[Data for review Boundary: Start]

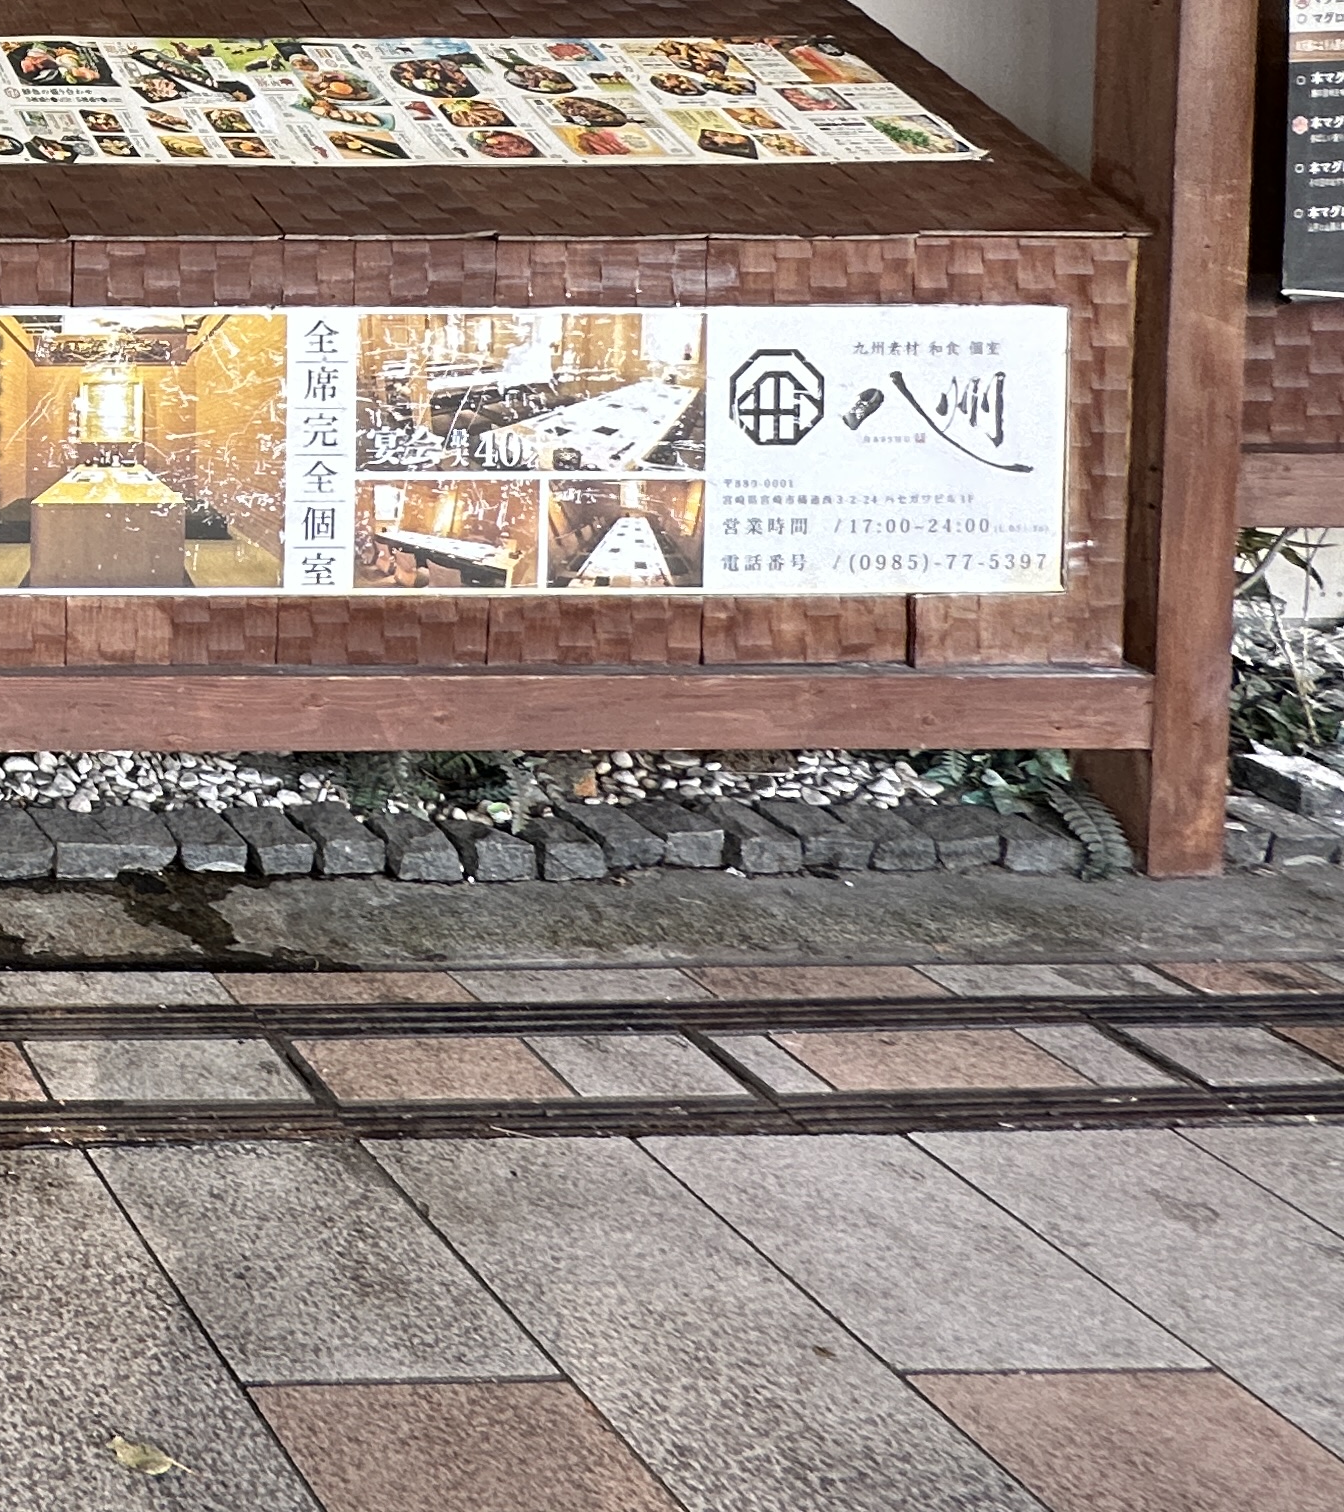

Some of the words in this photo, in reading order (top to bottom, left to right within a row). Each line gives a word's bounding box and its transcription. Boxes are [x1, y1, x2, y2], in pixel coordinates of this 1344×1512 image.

[853, 341, 920, 356] 九州素材
[929, 342, 960, 355] 和食
[970, 342, 1001, 356] 個室
[302, 319, 340, 586] 全席完全個室
[367, 426, 446, 467] 宴会
[722, 518, 809, 535] 営業時間
[721, 554, 808, 572] 電話番号

[Data for review Boundary: End]

## [Task requirements]
Each entry, word for word, belongs in your answer; each picture does not.

## [Completed exercise]
Some of the words in this photo, in reading order (top to bottom, left to right within a row). Each line gives a word's bounding box and its transcription. Boxes are [x1, y1, x2, y2], in pixel coordinates of this 1344×1512 image.

[853, 341, 920, 356] 九州素材
[929, 342, 960, 355] 和食
[970, 342, 1001, 356] 個室
[302, 319, 340, 586] 全席完全個室
[367, 426, 446, 467] 宴会
[722, 518, 809, 535] 営業時間
[721, 554, 808, 572] 電話番号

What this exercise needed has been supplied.